DAGMapper: Learning to Map by Discovering Lane Topology
This work is significant for self-driving car developers by providing a more automated and precise method for mapping complex highway lane topologies, which is an incremental improvement over existing mapping techniques.
The paper addresses the challenge of creating accurate high-definition maps for self-driving cars, specifically focusing on complex highways with lane topology changes like forks and merges. They formulate this as inference in a directed acyclic graphical model and infer the DAG topology for each region, achieving high precision and recall, and 89% correct topology on two major North American Highways.
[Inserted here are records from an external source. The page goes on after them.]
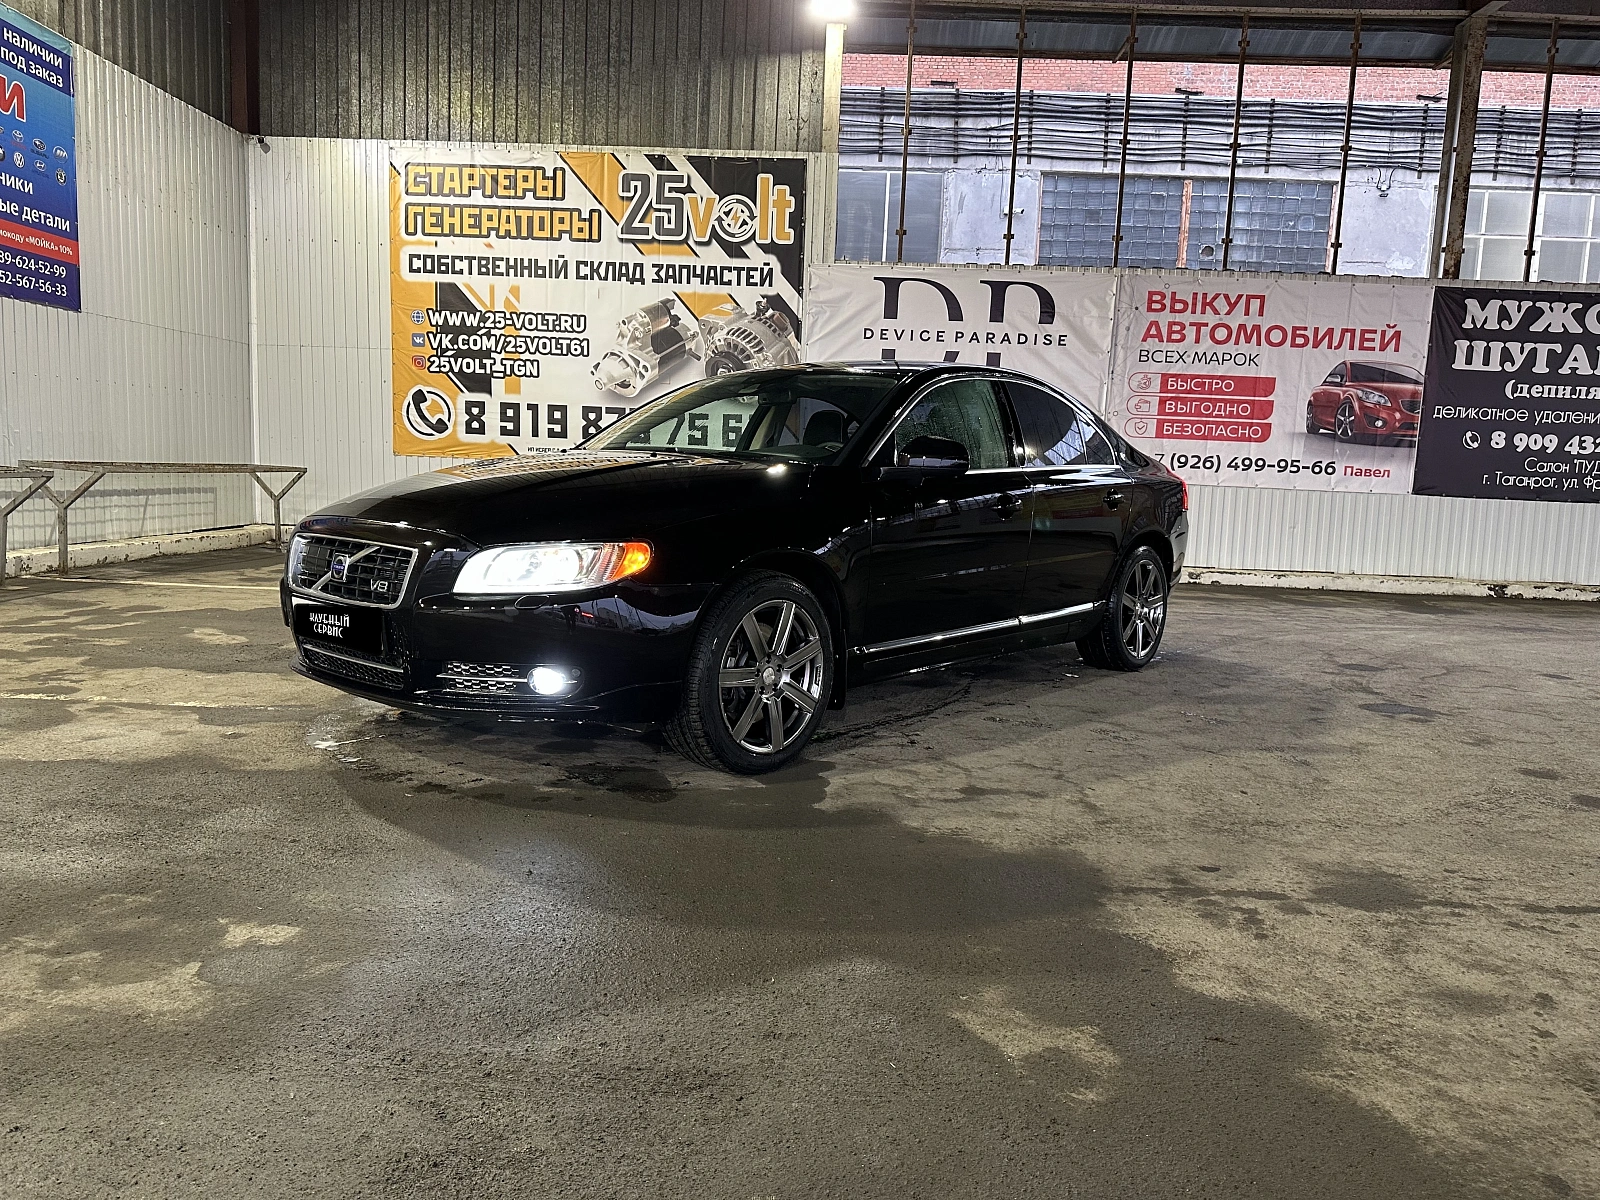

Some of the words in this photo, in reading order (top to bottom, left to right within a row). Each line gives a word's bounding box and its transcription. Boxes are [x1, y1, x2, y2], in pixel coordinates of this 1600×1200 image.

[3, 27, 63, 69] наличии
[0, 46, 27, 73] под
[29, 61, 63, 88] заказ
[405, 163, 566, 200] СТАРТЕРЫ
[22, 205, 70, 232] детали
[405, 203, 602, 242] ГЕНЕРАТОРЫ
[408, 252, 568, 280] СОБСТВЕННЫЙ
[575, 260, 645, 285] СКЛАД
[651, 261, 774, 288] ЗАПЧАСТЕЙ
[1146, 290, 1266, 317] ВЫКУП
[427, 308, 587, 333] WWW.25-VOLT.RU
[427, 332, 590, 357] VK.COM/25VOLT61
[863, 327, 945, 343] DEVICE
[954, 331, 1068, 347] PARADISE
[1141, 320, 1402, 353] АВТОМОБИЛЕЙ
[427, 356, 540, 379] 25VOLT_TGN
[1138, 349, 1188, 364] ВСЕХ
[1191, 351, 1260, 367] МАРОК
[1451, 339, 1600, 375] ШУГА
[1167, 378, 1235, 392] БЫСТРО
[464, 401, 486, 436] 8
[499, 402, 569, 440] 919
[1165, 401, 1251, 417] ВЫГОДНО
[1433, 405, 1529, 422] деликатное
[1163, 422, 1262, 438] БЕЗОПАСНО
[1490, 430, 1506, 449] 8
[1513, 433, 1559, 454] 909
[1169, 452, 1222, 473] (926)
[1227, 456, 1337, 476] 499-95-66
[1343, 465, 1391, 479] Павел
[1524, 457, 1570, 473] Салон
[1495, 471, 1558, 490] Таганрог,
[1562, 478, 1579, 491] ул.
[370, 578, 389, 592] V8
[309, 612, 350, 628] КЛУБНЫЙ
[313, 622, 343, 639] СЕРВИС
One of the fundamental challenges to scale self-driving is being able to create accurate high definition maps (HD maps) with low cost. Current attempts to automate this process typically focus on simple scenarios, estimate independent maps per frame or do not have the level of precision required by modern self driving vehicles. In contrast, in this paper we focus on drawing the lane boundaries of complex highways with many lanes that contain topology changes due to forks and merges. Towards this goal, we formulate the problem as inference in a directed acyclic graphical model (DAG), where the nodes of the graph encode geometric and topological properties of the local regions of the lane boundaries. Since we do not know a priori the topology of the lanes, we also infer the DAG topology (i.e., nodes and edges) for each region. We demonstrate the effectiveness of our approach on two major North American Highways in two different states and show high precision and recall as well as 89% correct topology.